As enzimas pancreáticas, excetuando-se lipase e amilase, são secretadas na forma de zimogênios – enzimas
inativas – cujo principal estímulo para a sua ativação é a tripsina, cujo zimogênio é o tripsinogênio que é
ativado pela enteroquinase.

Dessa forma, quando algum estímulo estressante ocorre nas células acinares ocorre fusão dos grânulos
com zimogênios as vesículas lisossomais, as quais possuem catepsina B. A catepsina B ativa o tripsinogênio
em tripsina dentro das células com consequente ativação das demais enzimas.
As enzimas fosfolipase e lipase são as principais responsáveis pela autodigestão da gordura
pancreática e peripancreática com liberação de ácidos graxos, tais que combinados com o cálcio geram reação
de saponificação → importante mecanismo de hipocalcemia na pancreatite.

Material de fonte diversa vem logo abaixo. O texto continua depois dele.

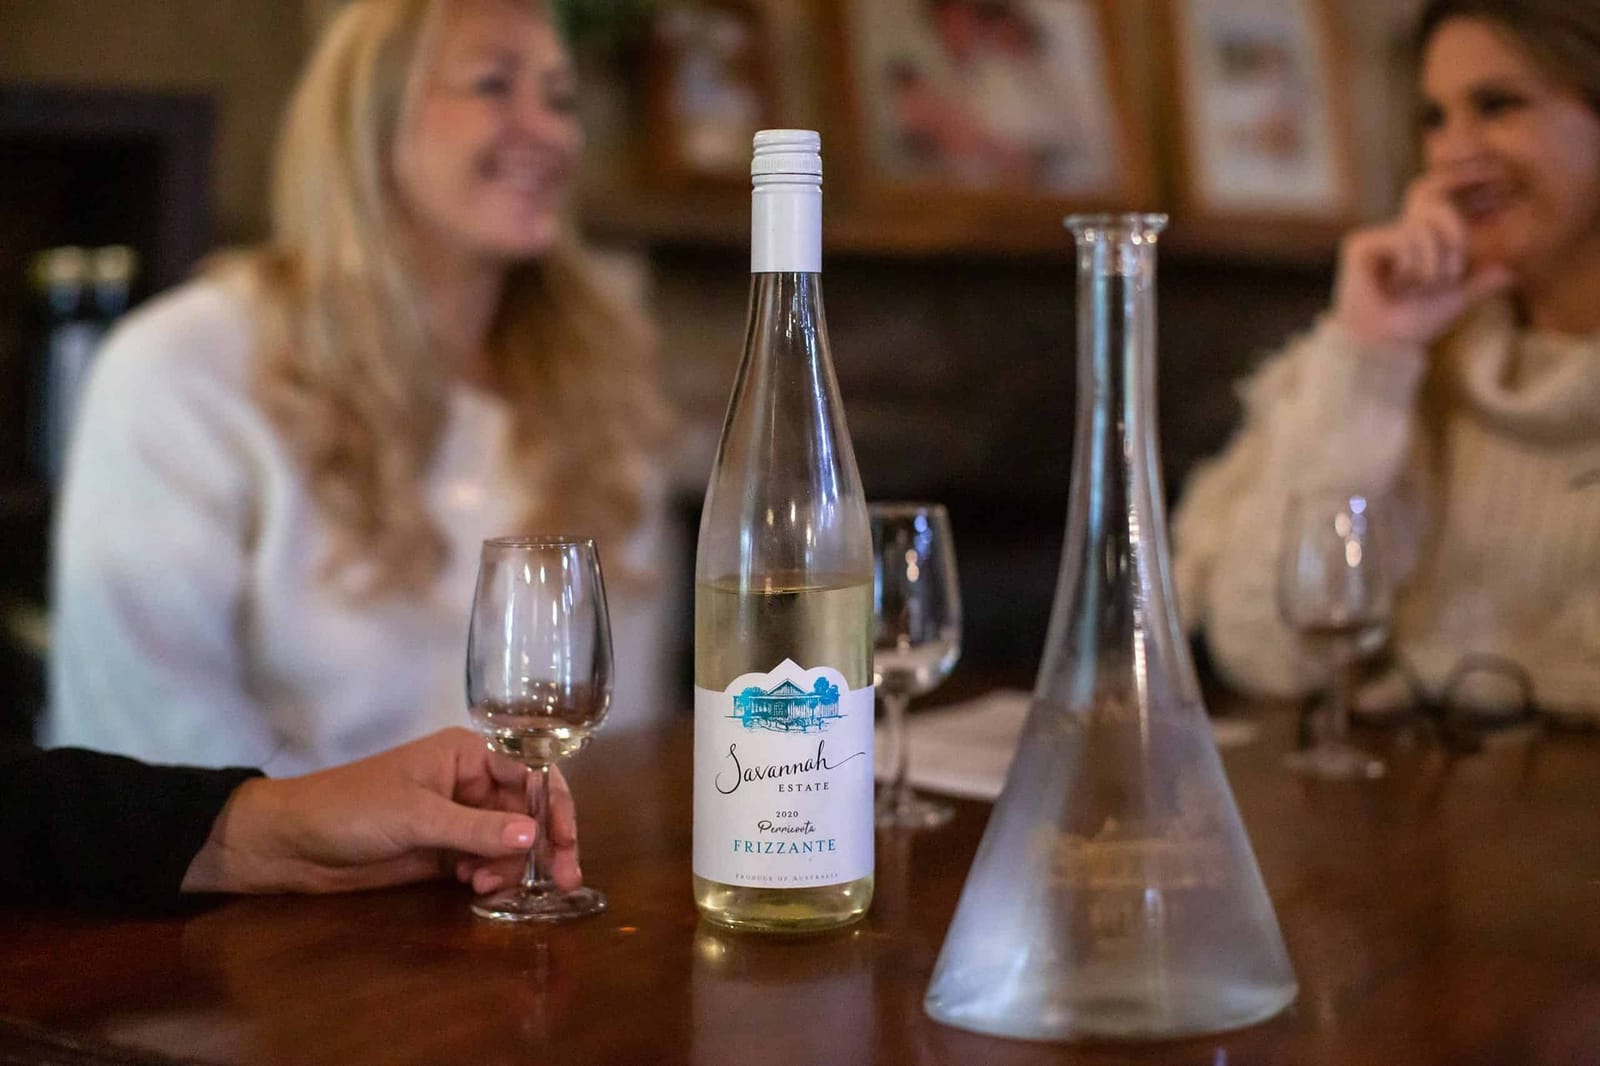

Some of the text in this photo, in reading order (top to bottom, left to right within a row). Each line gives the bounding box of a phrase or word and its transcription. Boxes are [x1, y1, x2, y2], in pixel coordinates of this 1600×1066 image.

[715, 739, 865, 794] Savannah
[778, 782, 829, 792] ESTATE
[775, 810, 799, 818] 2020
[733, 839, 836, 854] FRIZZANTE
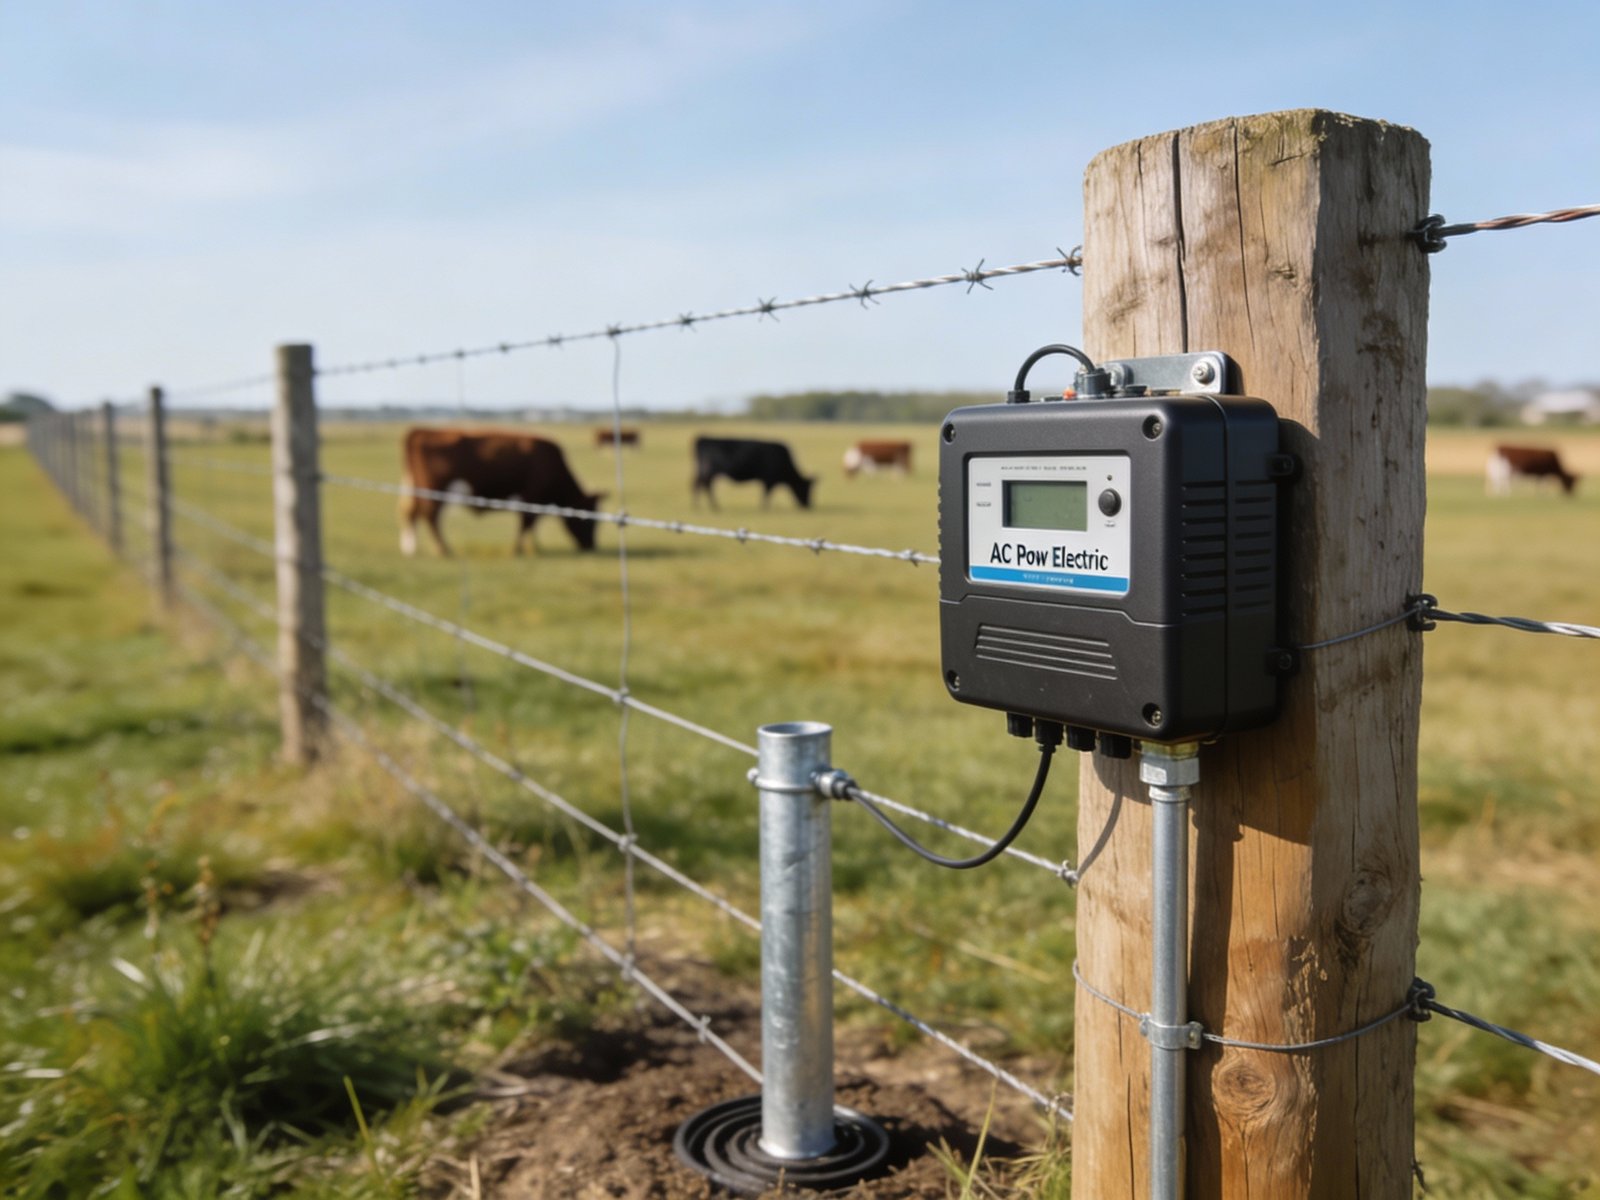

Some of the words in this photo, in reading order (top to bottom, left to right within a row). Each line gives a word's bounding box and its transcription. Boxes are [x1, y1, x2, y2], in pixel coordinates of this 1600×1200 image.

[990, 542, 1012, 563] AC
[1017, 544, 1048, 566] Pow
[1053, 546, 1108, 570] Electric

• A hipocalcemia é um importante marcador de necrose importante no pâncreas.
Ademais a tripsina converte a pré-calicreína em calicreína iniciando sistema de coagulação pela via
intrínseca com consequente microtrombos nos vasos pancreáticos → necrose. Tal processo ainda ativa o
sistema do complemento com consequente liberação de fatores inflamatórios, tais que por sua vez aumentam
permeabilidade capilar e edema nas glândulas.

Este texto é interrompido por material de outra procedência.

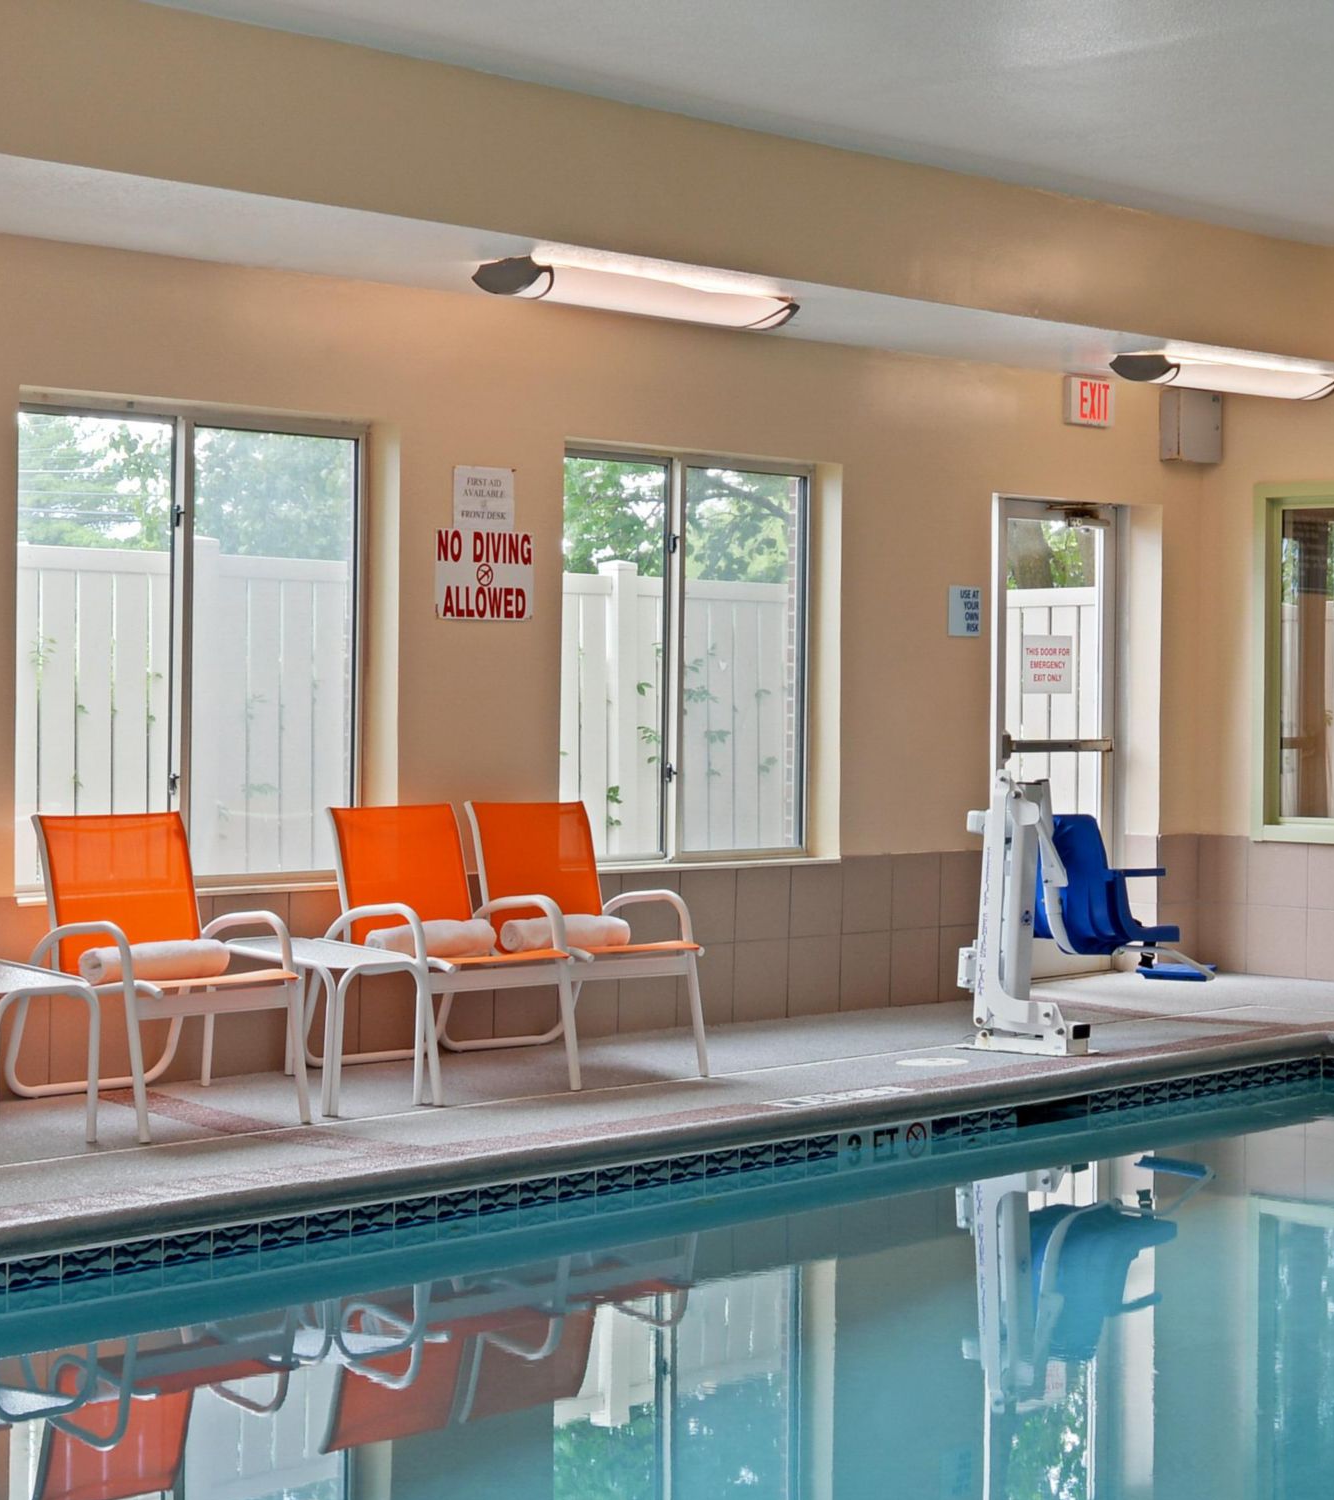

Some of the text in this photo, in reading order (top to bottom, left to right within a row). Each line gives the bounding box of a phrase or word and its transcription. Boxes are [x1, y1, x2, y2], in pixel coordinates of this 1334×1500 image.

[1079, 381, 1109, 421] EXIT
[467, 477, 502, 487] FIRST AID
[463, 488, 504, 498] AVAILABLE
[461, 510, 507, 520] FRONT DESK
[437, 529, 532, 565] NO DIVING
[960, 589, 979, 600] USE AT
[443, 585, 526, 619] ALLOWED
[963, 601, 979, 610] YOUR
[965, 612, 979, 621] OWN
[966, 622, 979, 632] RISK
[1026, 648, 1070, 656] THIS DOOR FOR
[1030, 660, 1065, 669] EMERGENCY
[1033, 674, 1061, 682] EXIT ONLY

Mediante a hipovolemia, isquemia, processos inflamatórios e shunts arteriovenosos induzidos pela
pancreatite tem-se fenômeno de translocação bacteriana. O principal local é o cólon transverso devido a
proximidade com a inflamação peripancreático.
PANCREATITE AGUDA BILIAR
A pancreatite biliar é a causa mais comum e sua ocorrência dá-se por cálculos biliares geralmente
pequenos capazes de gerar obstrução transitória da ampola de Vater ou mesmo edema local causam aumento
súbito da pressão intraductal com estímulo a fusão lisossomal e lesão das células acinares. Outra hipótese seria
que a obstrução gera refluxo biliar para ducto pancreático com consequente ativação enzimática.
• A pancreatite biliar não é muito associado a pancreatite crônica, todavia é indicada a
colecistectomia para prevenir recidivas agudas.
• Prevalência:
o Mulheres 2:1
o Obesos
o Faixa de 50-70 anos
PANCREATITE AGUDA ALCOÓLICA
A pancreatite alcóolica instaura-se em pacientes etilista invertebrados (> 25 g de etanol/dia) há pelo
menos 5 anos. Sua patogênese é desconhecida e multifatorial:
A. Estimula para aumento de liberação de enzimas
B. Contração transitória do esfíncter de Oddi
C. Lesão tóxica acinar direta do etanol
D. Formação de cilindros proteináceos que obstruem os ductos
Ainda, a pancreatite alcoólica é associada a grande recidiva e a apresentação de pancreatite crônica.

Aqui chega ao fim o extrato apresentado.